» EXERCISE DESCRIPTION
Pictures aside, return all of the records exactly as they stand.

» DATA UNDER STUDY
= = = = = = =

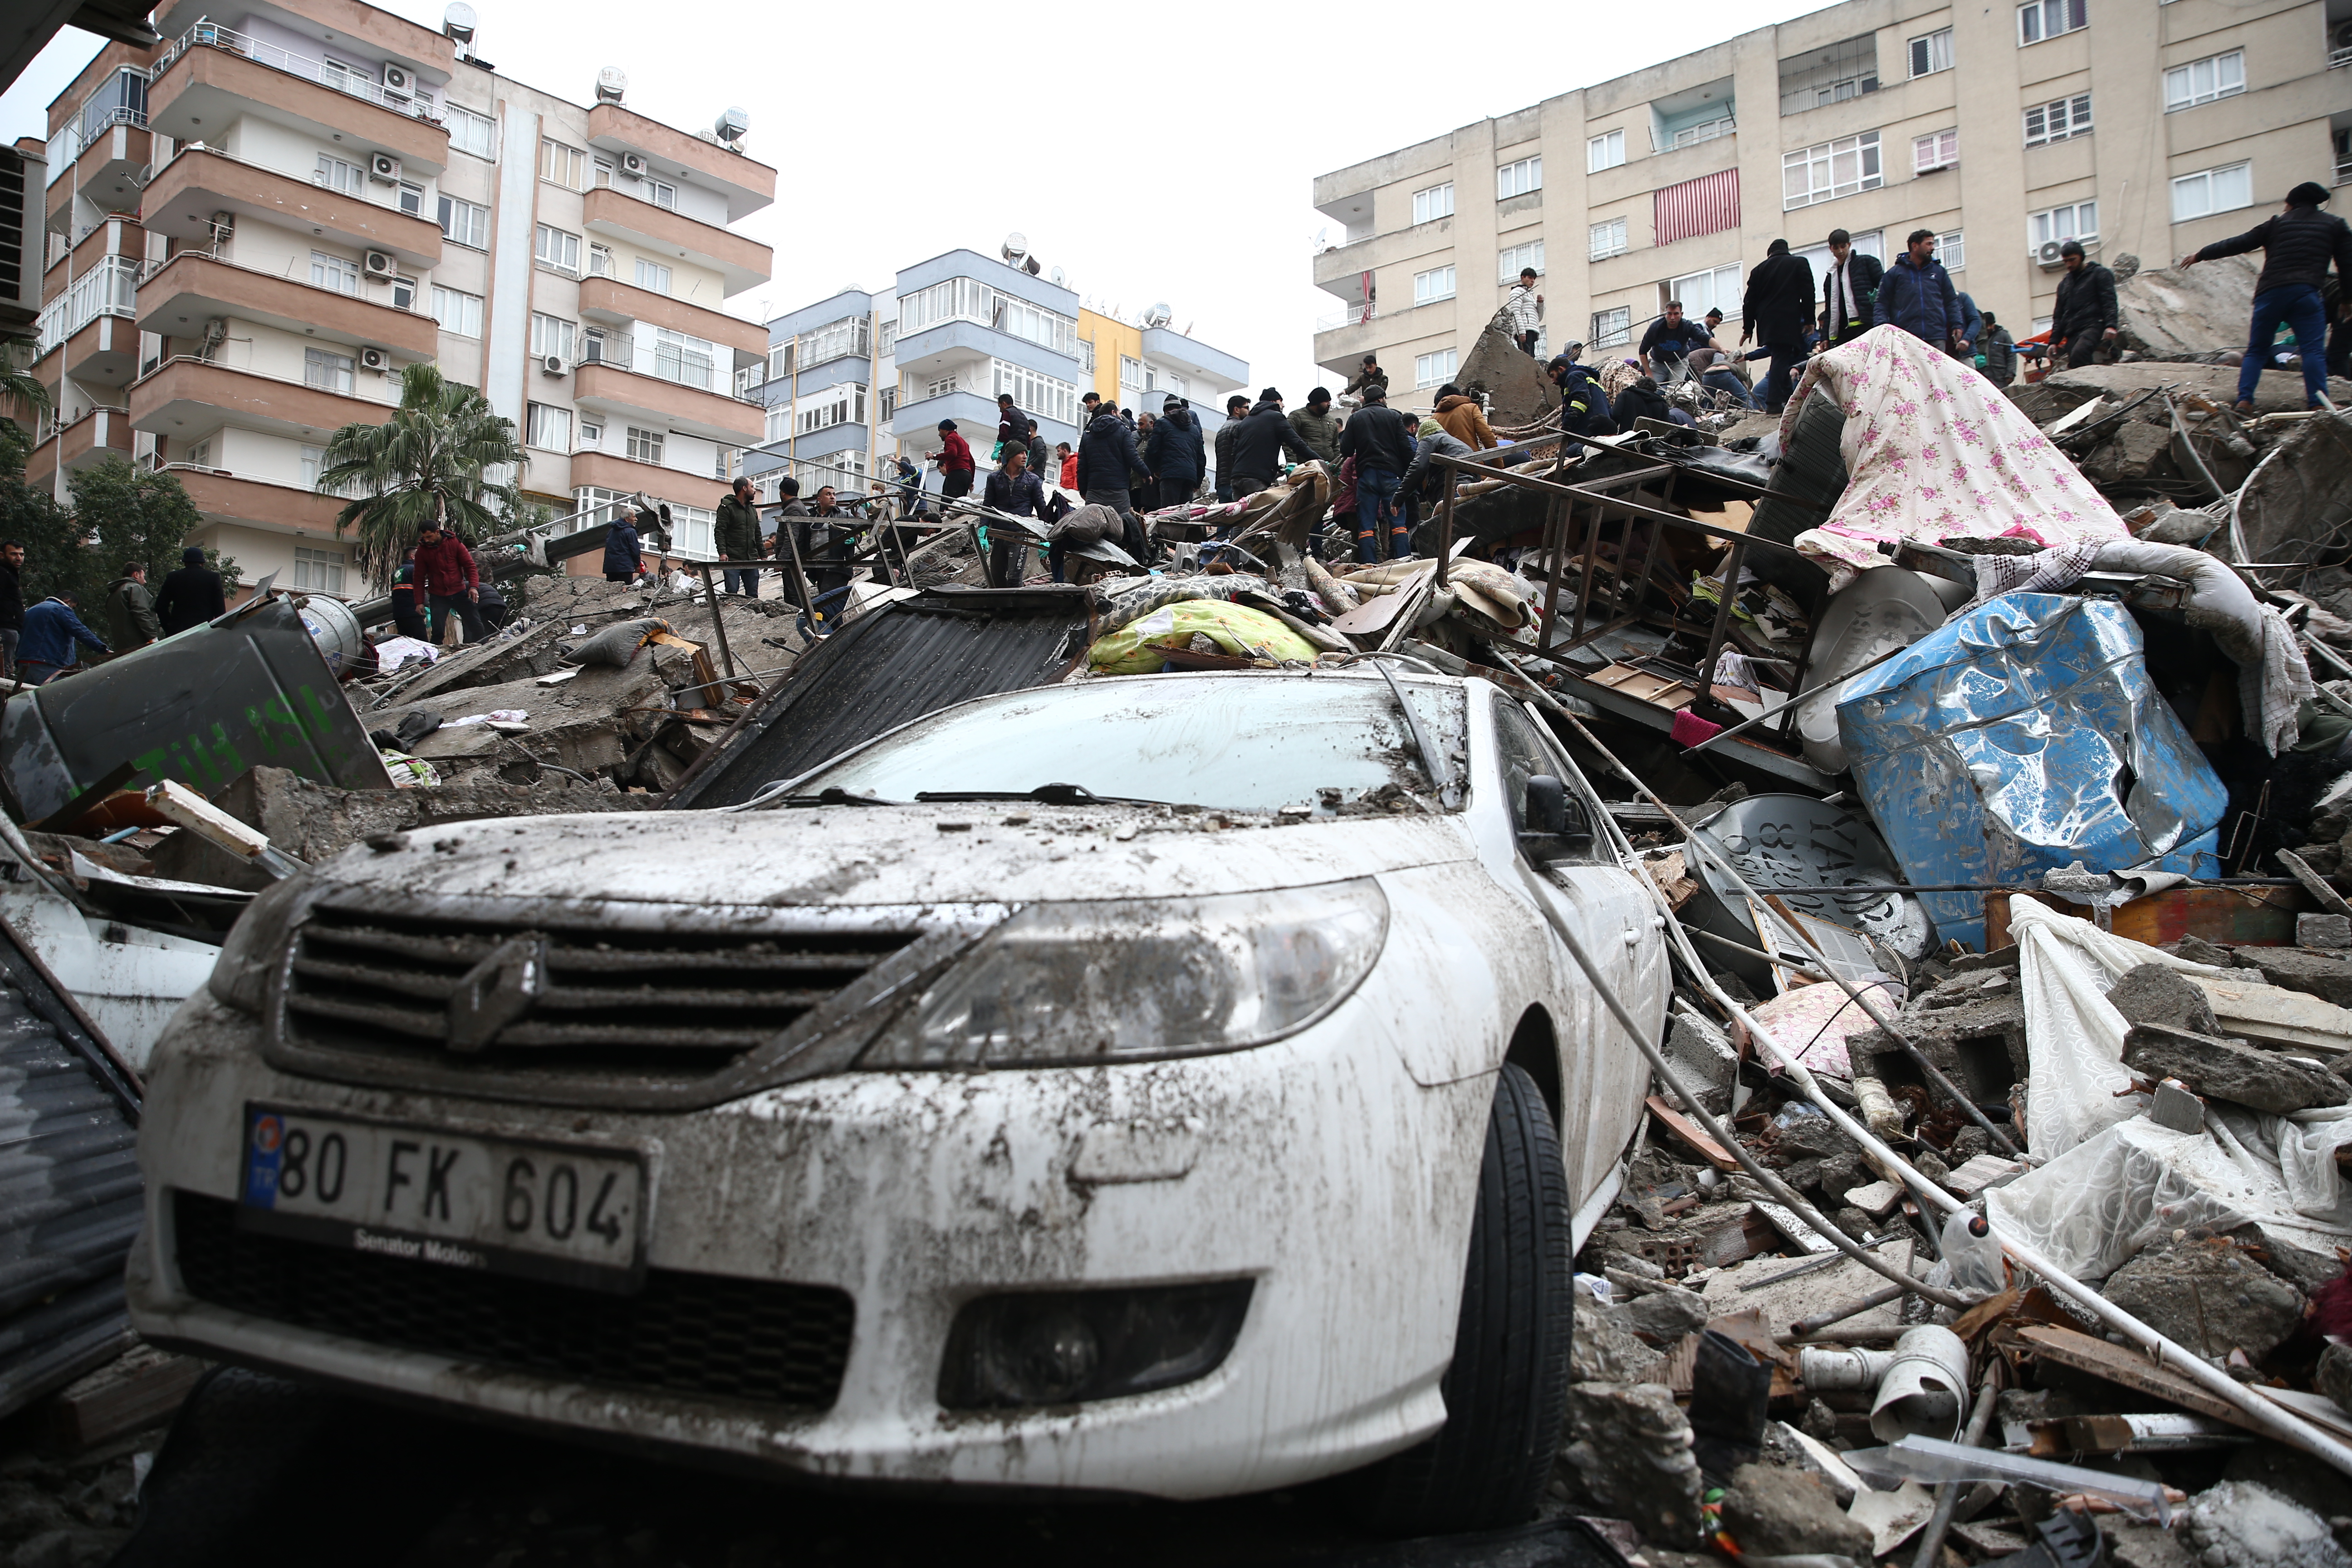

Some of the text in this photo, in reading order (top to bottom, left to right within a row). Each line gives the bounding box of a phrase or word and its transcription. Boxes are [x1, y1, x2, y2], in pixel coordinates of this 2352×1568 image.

[279, 1128, 621, 1245] 80 FK 604
[354, 1228, 489, 1268] Senator Motors
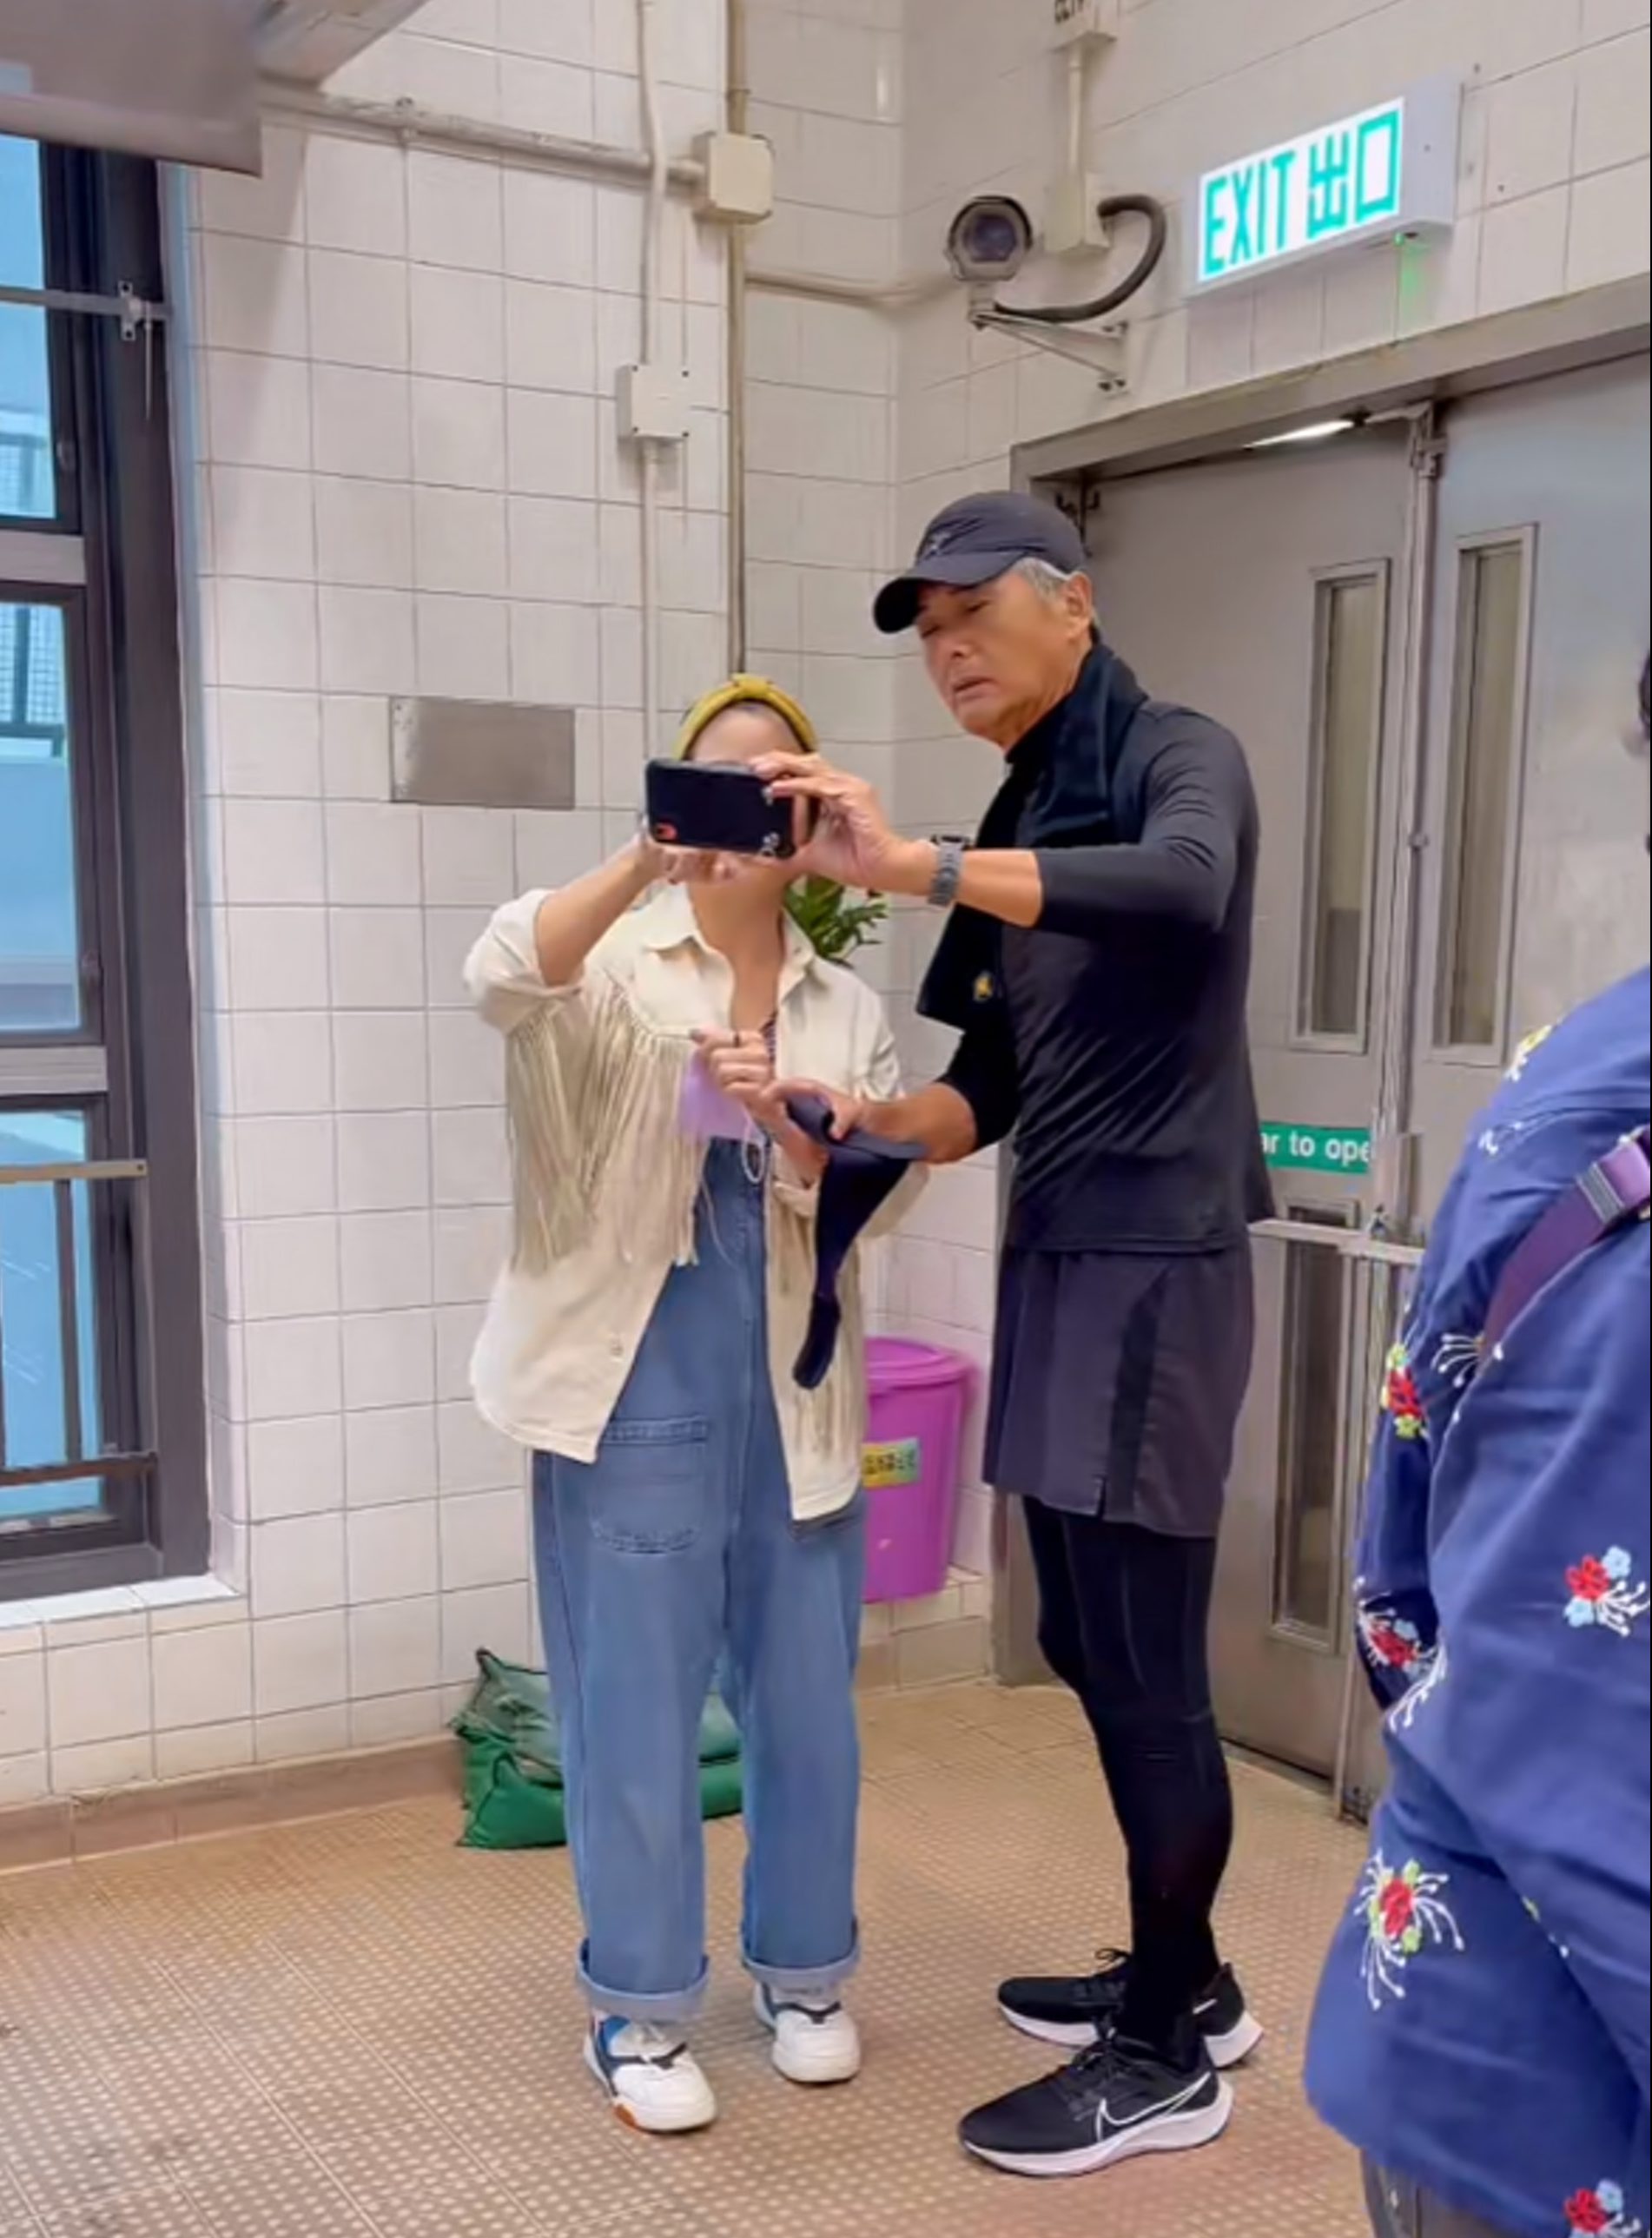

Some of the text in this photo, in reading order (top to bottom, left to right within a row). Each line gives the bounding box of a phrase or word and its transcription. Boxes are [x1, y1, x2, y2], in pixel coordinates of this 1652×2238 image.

[1204, 108, 1400, 276] EXIT 出口
[1289, 1131, 1316, 1158] to

= = = = = = =

» COMPLETED EXERCISE
Some of the text in this photo, in reading order (top to bottom, left to right within a row). Each line gives the bounding box of a phrase or word and its transcription. Boxes are [x1, y1, x2, y2], in pixel coordinates of this 2352×1568 image.

[279, 1128, 621, 1245] 80 FK 604
[354, 1228, 489, 1268] Senator Motors

Some of the text in this photo, in reading order (top to bottom, left to right within a row). Each line gives the bounding box of a phrase or word and its transcription. Boxes are [x1, y1, x2, y2], in pixel coordinates of this 1652×2238 image.

[1204, 108, 1400, 276] EXIT 出口
[1289, 1131, 1316, 1158] to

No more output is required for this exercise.